Your instructions
Omit the images. Reproduce each line of the records exactly as it appears.

Data for this task

══════

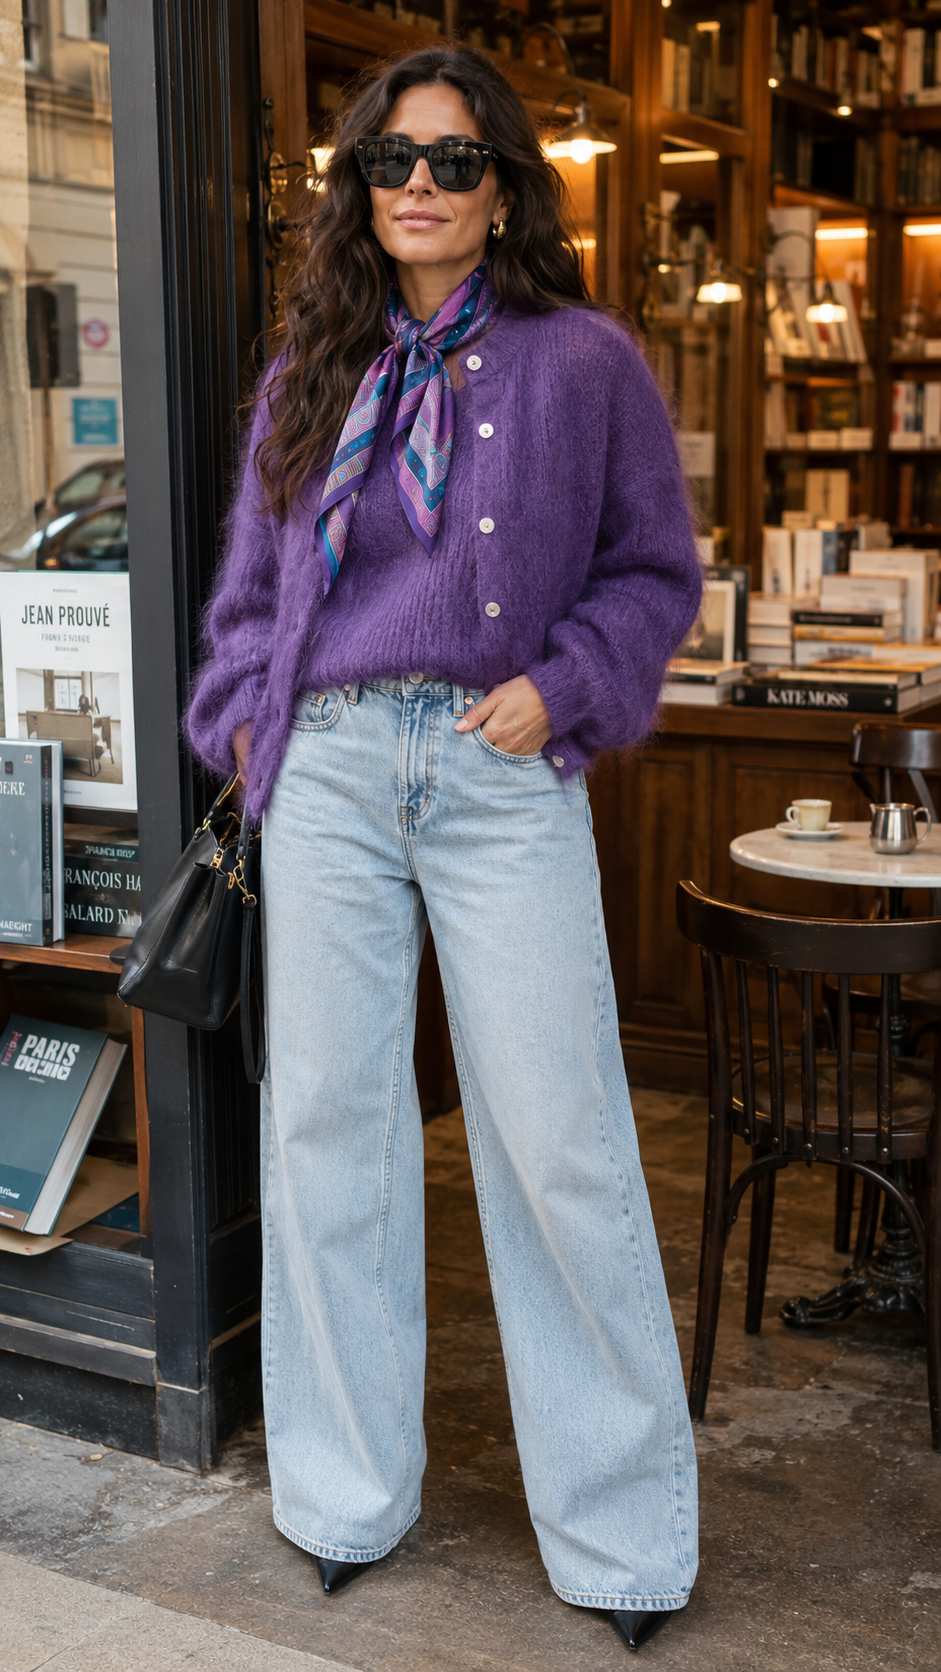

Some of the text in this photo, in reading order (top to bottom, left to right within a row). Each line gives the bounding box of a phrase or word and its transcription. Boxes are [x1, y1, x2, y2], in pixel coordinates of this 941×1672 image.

[21, 602, 111, 628] JEAN PROUVÉ
[767, 688, 807, 706] KATE
[808, 690, 849, 709] MOSS
[64, 866, 122, 891] RANÇOIS
[21, 1033, 80, 1067] PARIS
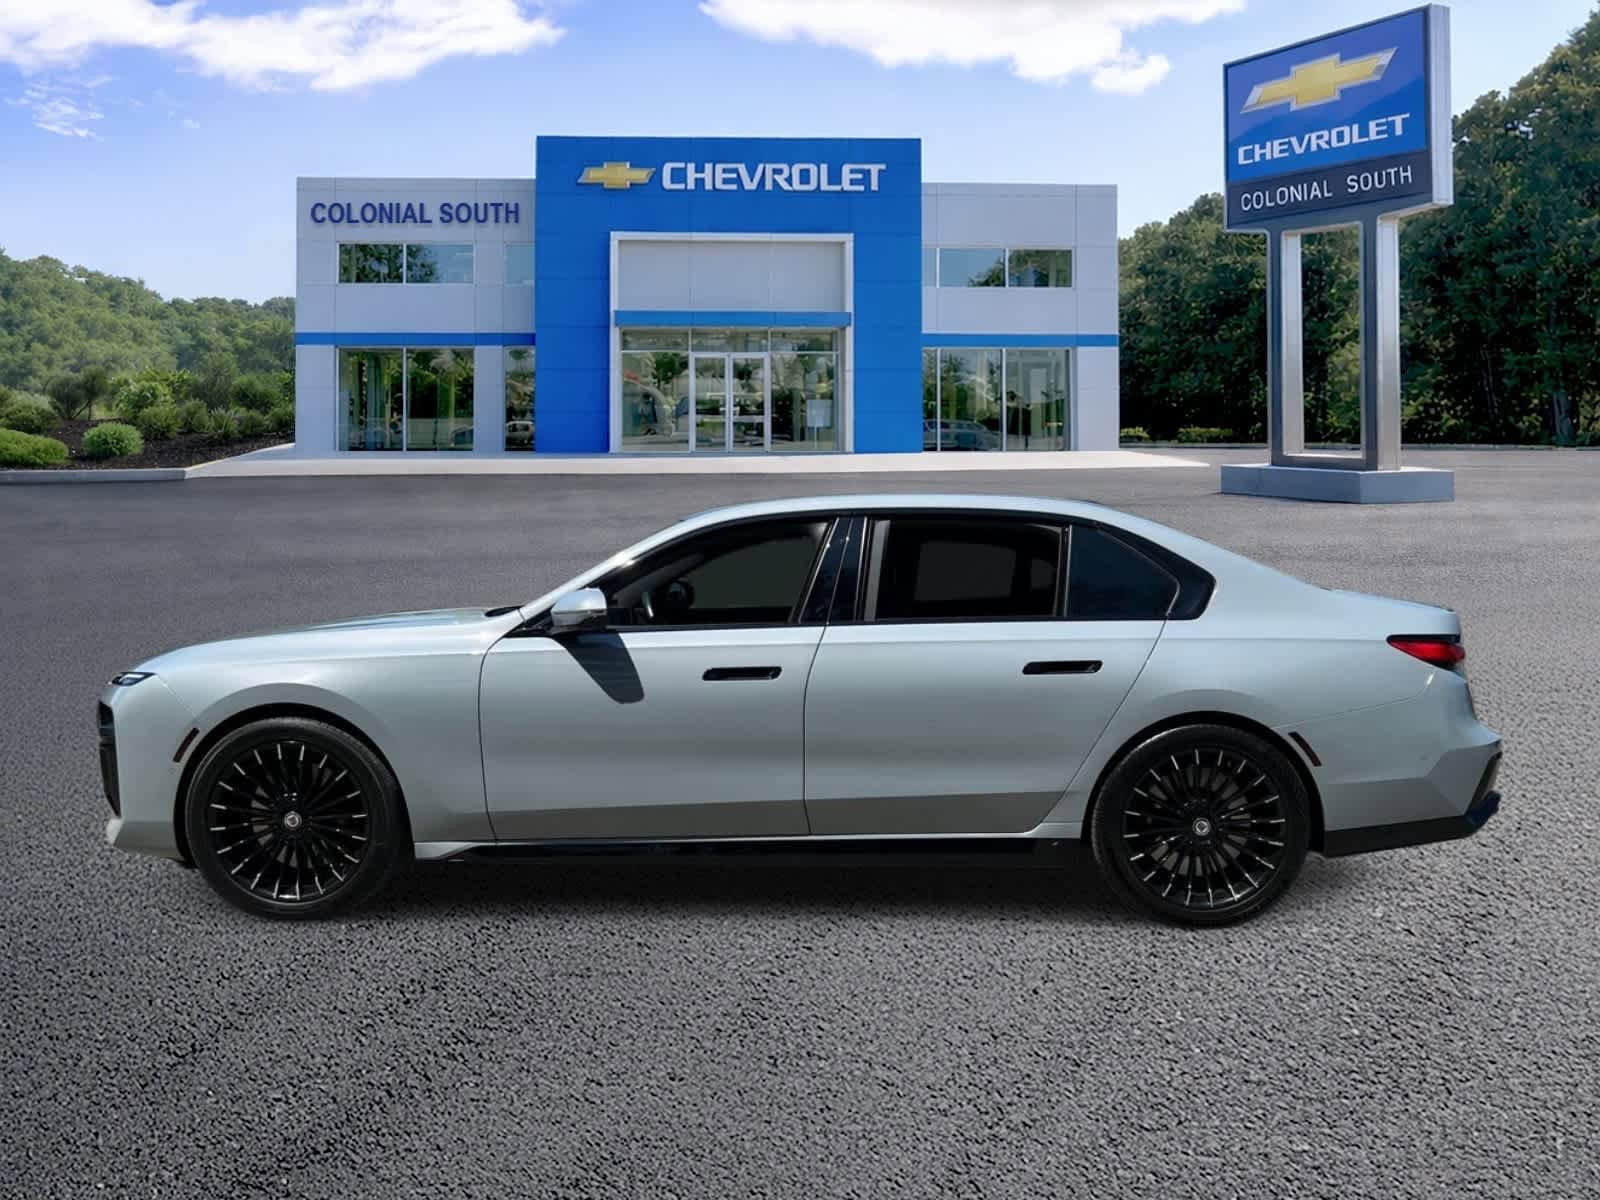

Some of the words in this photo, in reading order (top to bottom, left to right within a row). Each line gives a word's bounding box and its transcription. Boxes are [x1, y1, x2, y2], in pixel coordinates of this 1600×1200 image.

[1237, 112, 1411, 166] CHEVROLET
[661, 161, 887, 193] CHEVROLET
[1240, 179, 1333, 212] COLONIAL
[1346, 165, 1412, 194] SOUTH
[310, 202, 433, 225] COLONIAL
[439, 202, 521, 225] SOUTH

══════

Answer to the problem
Some of the text in this photo, in reading order (top to bottom, left to right within a row). Each line gives the bounding box of a phrase or word and its transcription. Boxes are [x1, y1, x2, y2], in pixel coordinates of this 941×1672 image.

[21, 602, 111, 628] JEAN PROUVÉ
[767, 688, 807, 706] KATE
[808, 690, 849, 709] MOSS
[64, 866, 122, 891] RANÇOIS
[21, 1033, 80, 1067] PARIS

Some of the words in this photo, in reading order (top to bottom, left to right within a row). Each line gives a word's bounding box and its transcription. Boxes are [x1, y1, x2, y2], in pixel coordinates of this 1600×1200 image.

[1237, 112, 1411, 166] CHEVROLET
[661, 161, 887, 193] CHEVROLET
[1240, 179, 1333, 212] COLONIAL
[1346, 165, 1412, 194] SOUTH
[310, 202, 433, 225] COLONIAL
[439, 202, 521, 225] SOUTH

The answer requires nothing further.